CISA Red Team Shares Key Findings to Improve Monitoring and Hardening of Networks, highlights the importance for all organizations to collect and monitor logs for unusual activity as well as continuous testing and exercises to ensure their environment is not vulnerable to compromise, regardless of its cybersecurity maturity level. 

During the assessment, CISA’s red team emulated cyber threat actors to assess the cyber detection and response capabilities of a large critical infrastructure organization with multiple geographically separated sites.   
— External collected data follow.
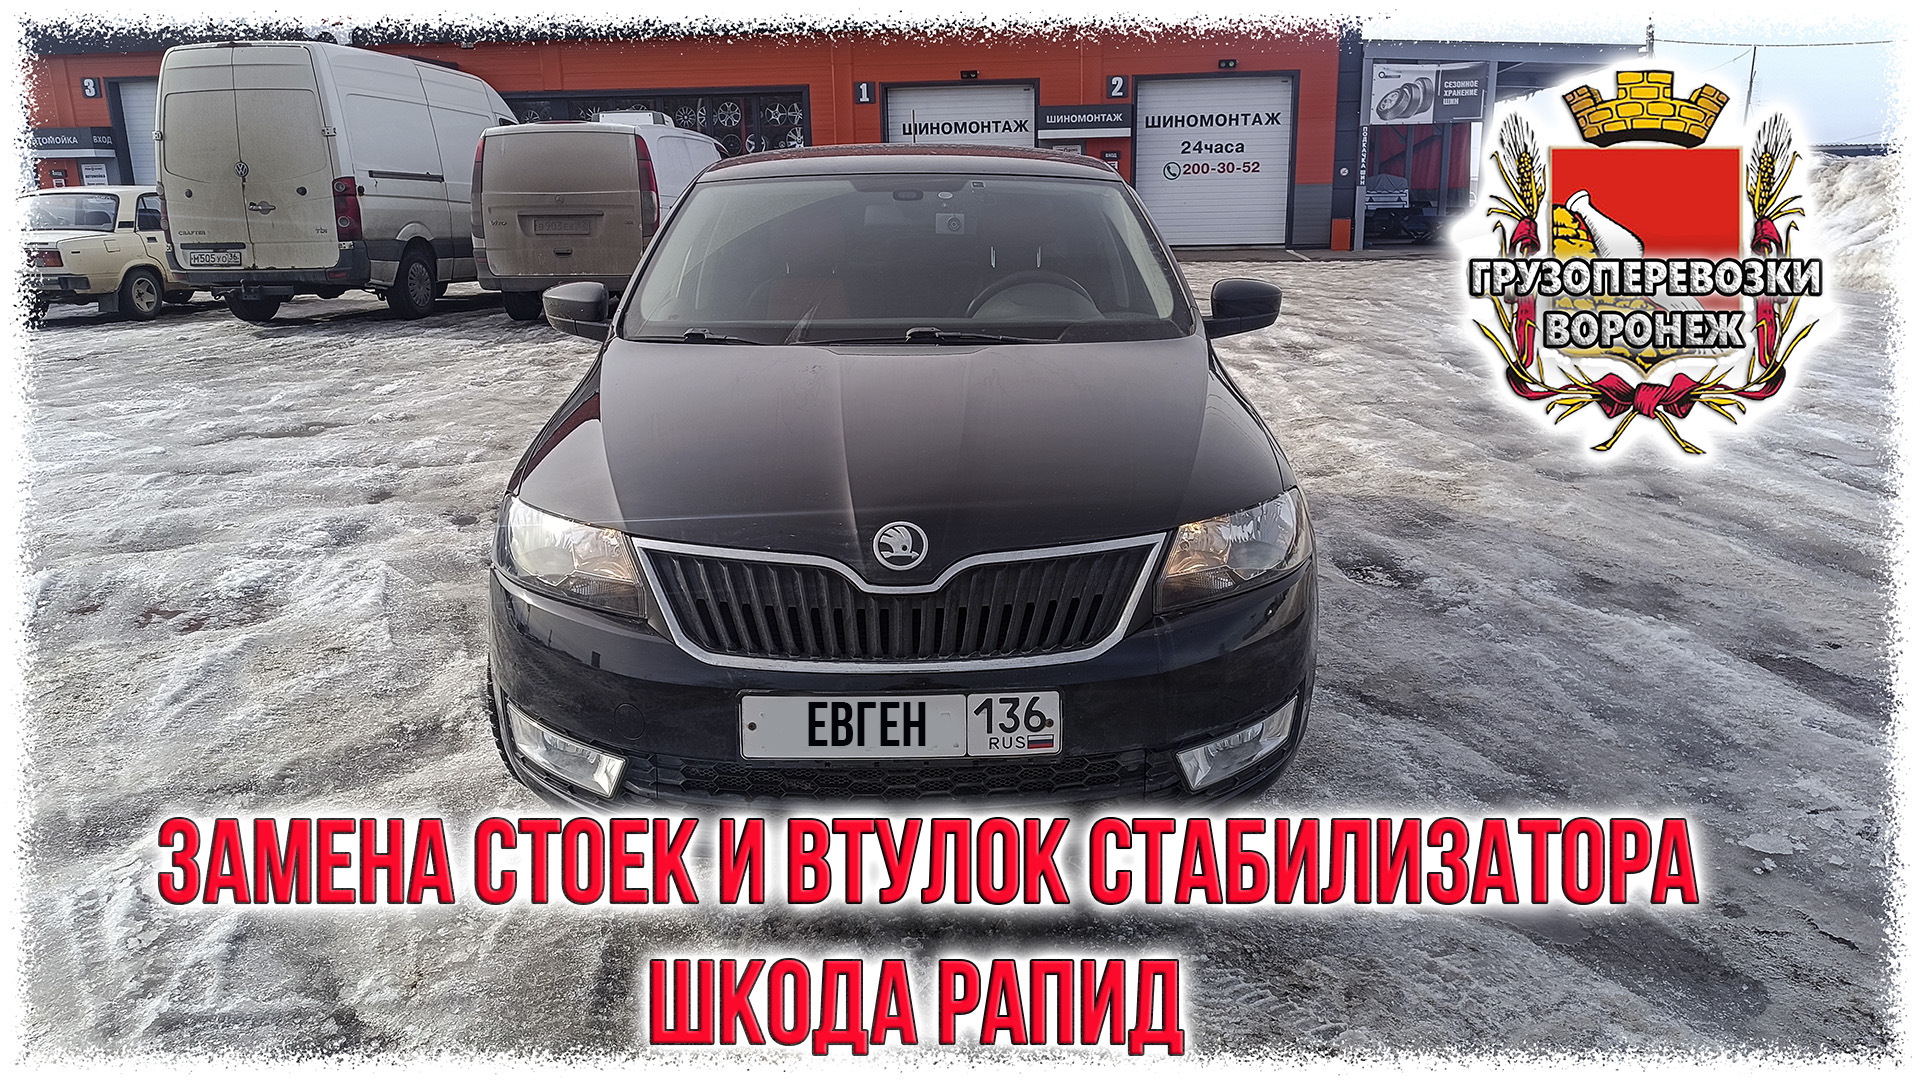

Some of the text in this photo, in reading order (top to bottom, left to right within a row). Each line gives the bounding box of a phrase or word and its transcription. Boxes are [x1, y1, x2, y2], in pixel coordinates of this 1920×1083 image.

[83, 78, 96, 97] 3
[1111, 76, 1124, 97] 2
[1443, 80, 1479, 88] СЕЗОННОЕ
[859, 83, 870, 102] 1
[1443, 88, 1478, 97] ХРАНЕНИЕ
[1046, 113, 1123, 124] ШИНОМОНТАЖ
[1145, 112, 1282, 129] ШИНОМОНТАЖ
[902, 119, 1029, 136] ШИНОМОНТАЖ
[92, 135, 113, 145] ВХОД
[1183, 161, 1261, 175] 200-30-52
[972, 696, 1048, 735] 136
[988, 736, 1026, 751] RUS
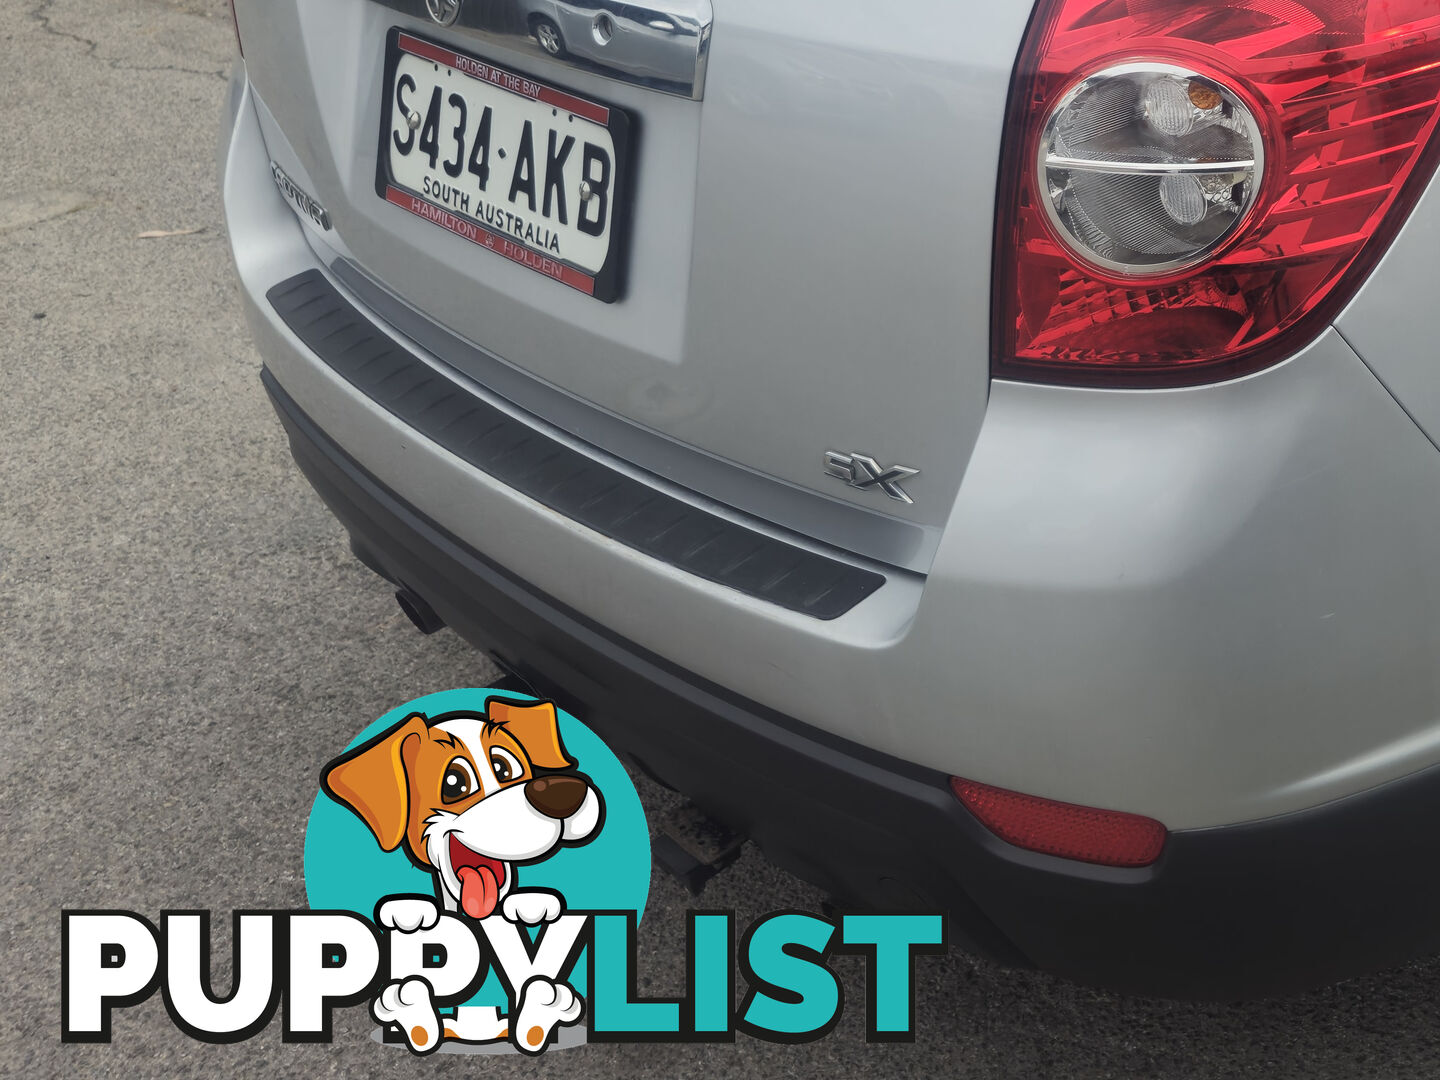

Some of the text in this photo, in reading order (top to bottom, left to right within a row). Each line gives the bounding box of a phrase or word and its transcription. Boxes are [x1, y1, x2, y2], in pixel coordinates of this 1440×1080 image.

[455, 55, 541, 98] HOLDEN AT THE BAY
[411, 198, 563, 279] HAMILTON HOLDEN
[423, 175, 560, 254] SOUTH AUSTRALIA
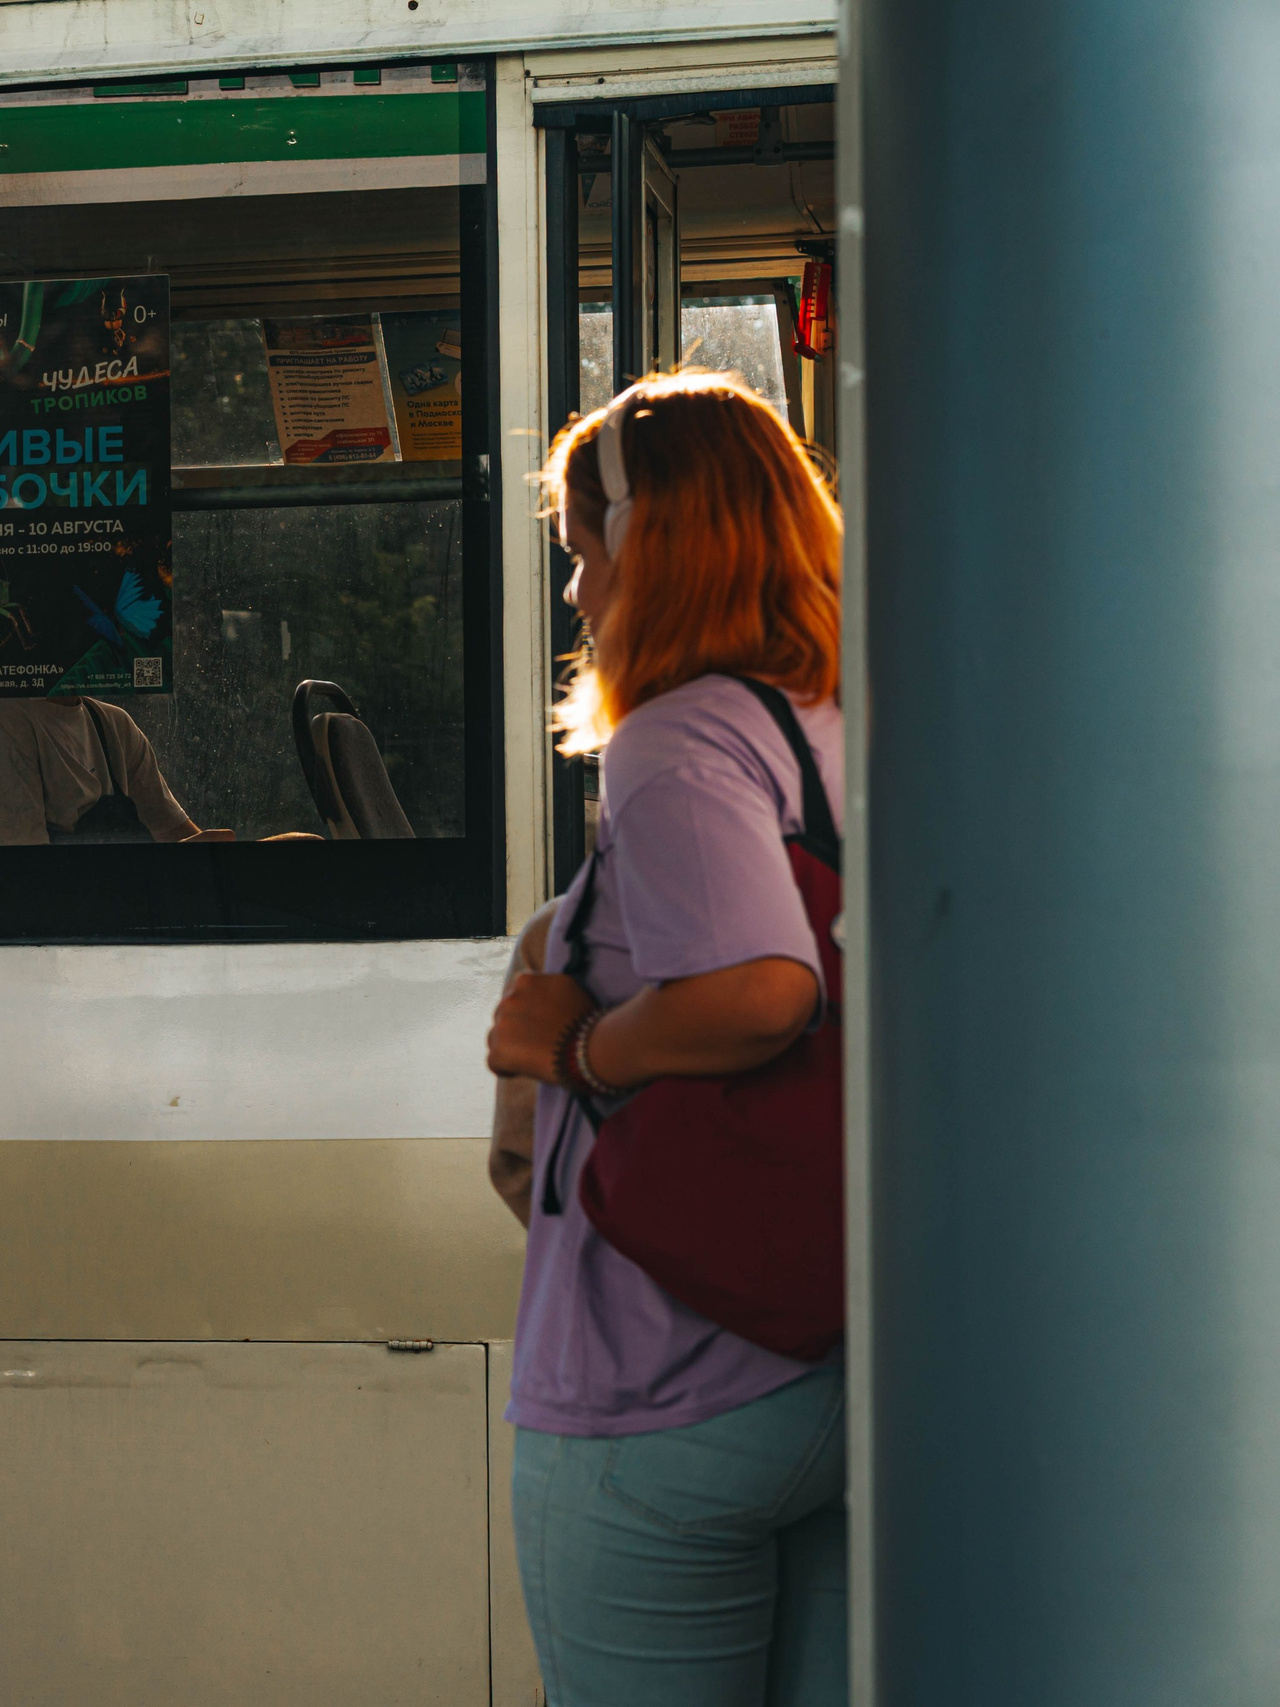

The CSA includes key findings the team found that contributed to persistent, undetected access across the organization’s sites: 

• Insufficient host and network monitoring. Some of the higher risk activities conducted by the team that could have been detected include phishing, lateral movement reuse, and anomalous Lightweight Directory Access Protocol (LDAP).  
• Lack of monitoring on endpoint management systems. Endpoint management systems provide elevated access to thousands of hosts and should be treated as high value assets (HVAs) with additional restrictions and monitoring.  
• Excessive permissions to standard users. This misconfiguration allowed the team to use the low-level access of a phished user to move laterally to an Unconstrained Delegation host and compromise a domain controller.  

Some of the recommended actions in this CSA that can help all organizations harden their environment and protect against real-world malicious activity by cyber threat actors include: 

• Establish a security baseline of normal network activity; tune network and host-based appliances to detect anomalous behavior.  
• Conduct regular assessments to ensure appropriate procedures are created and can be followed by security staff and end users.  
• Enforce phishing-resistant MFA to the greatest extent possible. 

The CSA provides other recommended actions and mitigations as well as more technical details that organizations should review.